Today's plant is a favorite for all Texans - our state flower, the bluebonnet!

The bluebonnet is a hardy annual flower native to Texas. It is very drought-tolerant and forms a rosette of low-lying leaves. When it blooms, the bluebonnet sends up a 20-40 cm stalk of familiar blue and white flowers. To care for your own bluebonnet, use well-draining soil with little fertilizer - bluebonnets form a symbiotic relationship with Rhizobium bacteria that produce nitrogen for the plant to use. The one pictured above is in a hydroponic setup.

Growing bluebonnets by seed is rather tricky, since the flower is designed to grow in arid climates.

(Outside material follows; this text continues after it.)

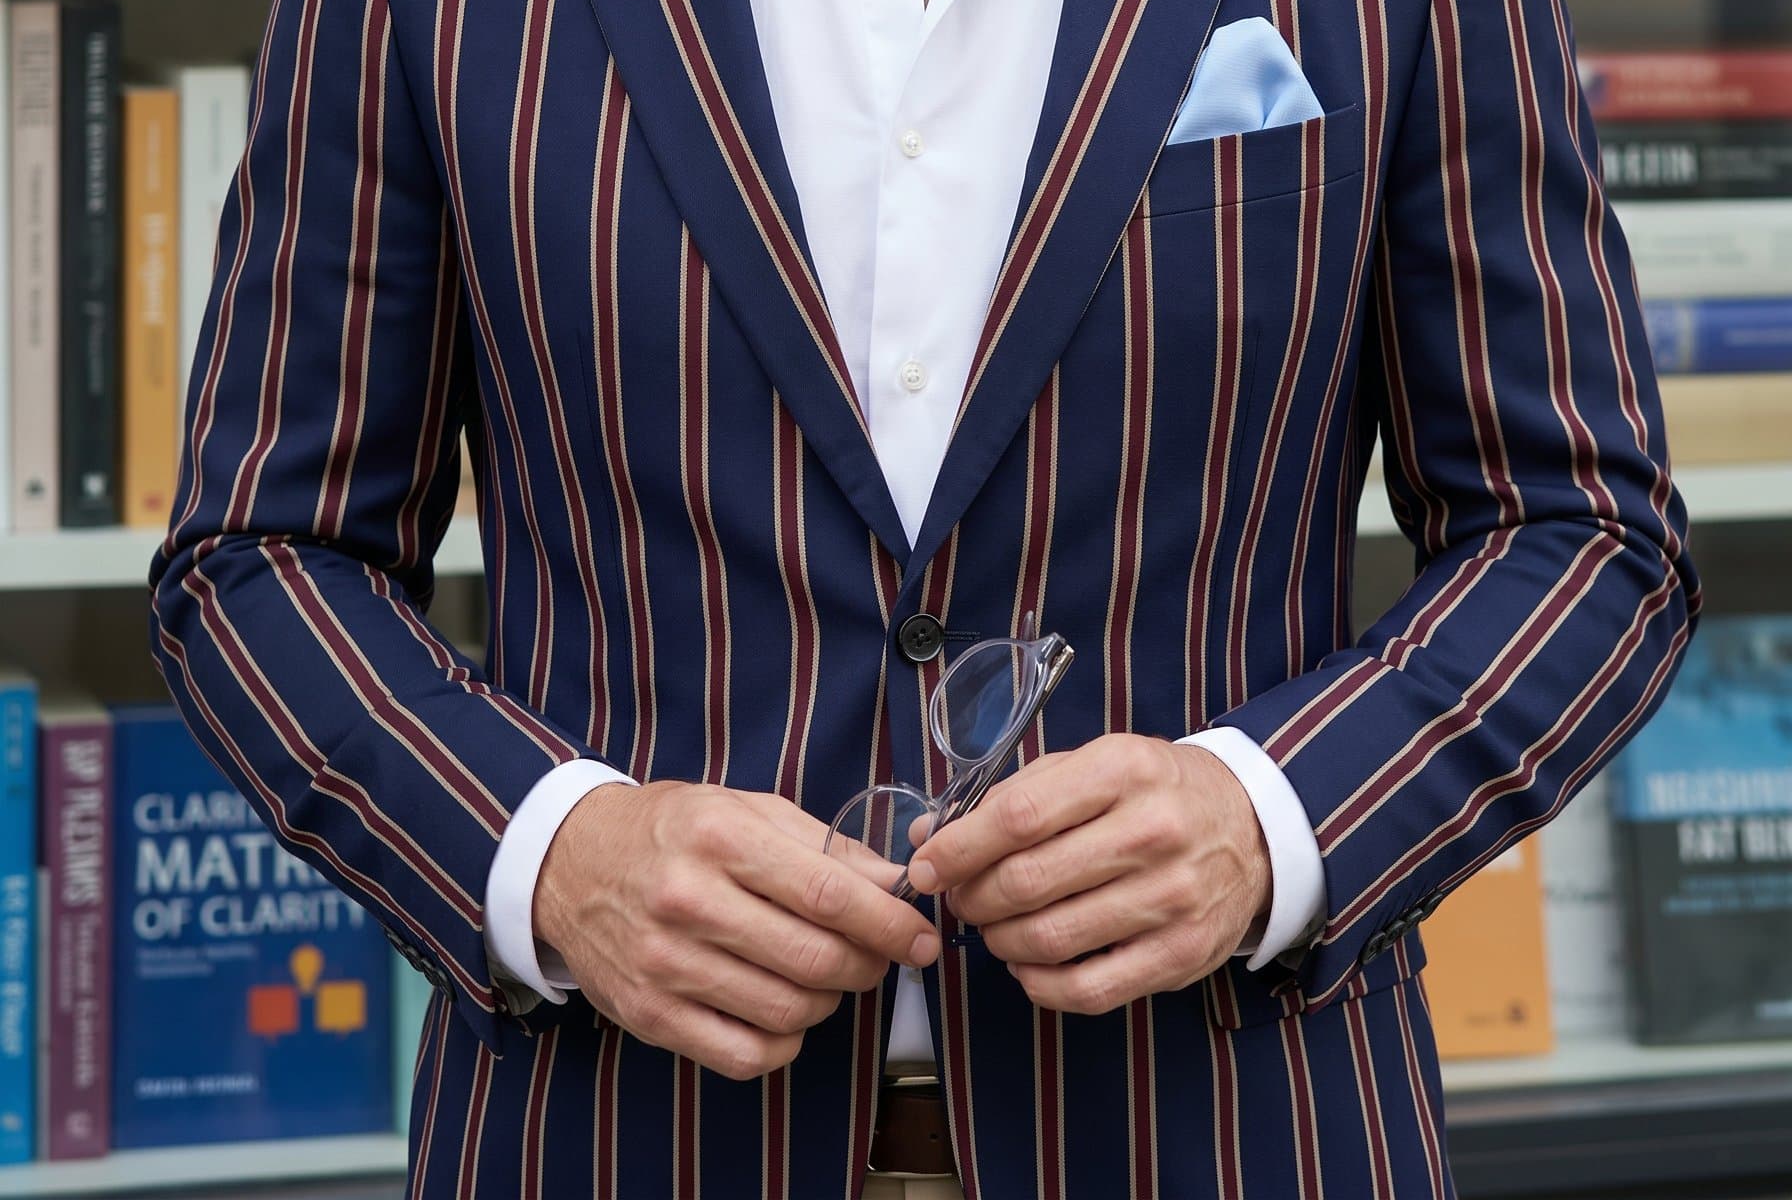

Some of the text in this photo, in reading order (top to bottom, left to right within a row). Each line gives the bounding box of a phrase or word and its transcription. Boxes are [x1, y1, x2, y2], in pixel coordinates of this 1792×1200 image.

[135, 832, 326, 893] MATR
[133, 890, 365, 940] OF CLARITY

The seeds are covered by a very hard coat that delays germination; thus, many of the seeds you plant will not germinate until the next growing season. Their natural habitat is quite unforgiving, so if one generation of plants dies out, there will be another one waiting to sprout. Unfortunately, gardeners do not want to wait that long to see the bluebonnets flower, so you can scarify the seeds with a knife or sandpaper or use acid to break down the seed coat.

It is a common myth that picking bluebonnets is illegal in Texas. However, it is not against the law to do so, despite what you've been told. There are other laws that are often broken when people try to pick bluebonnet flowers, though, such as trespassing on private property.